Nelson Agholor was often criticised for his drops throughout the season. Rookie JJ Arcega-Whiteside featured in all 16 games. However he struggled to make an impact with just 10 receptions for 169 yards on the year. Probably the most impressive of all the stand-ins was Greg Ward. An undrafted free agent who bounced between the roster and the practice squad. As well has having a spell in the ill-fated AAF. Ward though showed glimpses of promise at the back end of the year.

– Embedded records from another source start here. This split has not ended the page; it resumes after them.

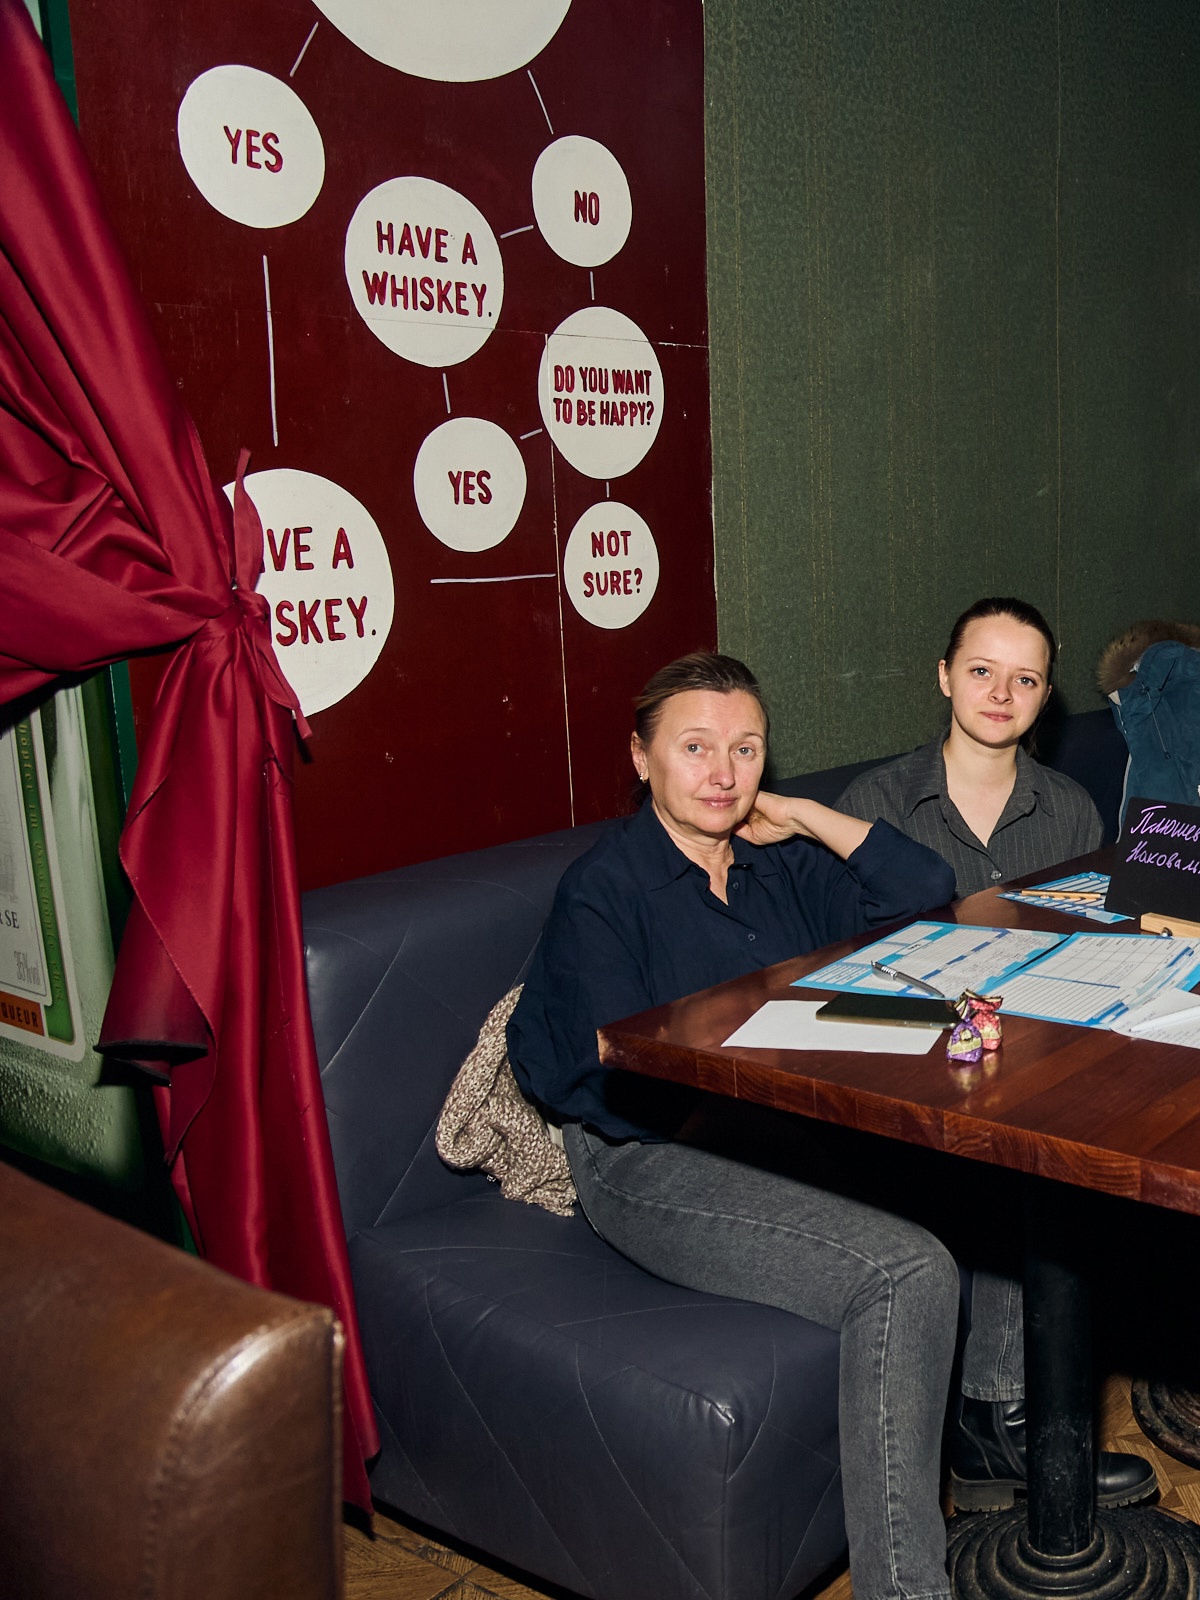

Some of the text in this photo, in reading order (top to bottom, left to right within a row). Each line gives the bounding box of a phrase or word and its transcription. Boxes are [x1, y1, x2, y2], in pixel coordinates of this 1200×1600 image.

[223, 125, 284, 174] YES
[574, 190, 600, 225] NO
[376, 220, 478, 265] HAVE A
[362, 270, 493, 318] WHISKEY.
[554, 365, 652, 395] DO YOU WANT
[553, 398, 655, 426] TO BE HAPPY?
[448, 470, 492, 505] YES
[263, 526, 354, 572] VE A
[591, 530, 632, 558] NOT
[583, 568, 643, 598] SURE?
[275, 595, 377, 647] SKEY.
[1, 1001, 39, 1028] QUEUR

Moving forward, the Eagles were tipped to grab a wide receiver early in the 2020 draft in a class full of talent at the position. The Eagles snared their man in Jalen Reagor out of TCU with the 21st overall pick. They also added John Hightower and Quez Watkins in the later rounds. Free agent pickup, Marquise Goodwin, however has opted out of the 2020 season in the context of the COVID-19 pandemic.
With Reagor in the mix, and Jeffrey and Jackson hopefully fit, Carson Wentz will hopefully have more to work with this year.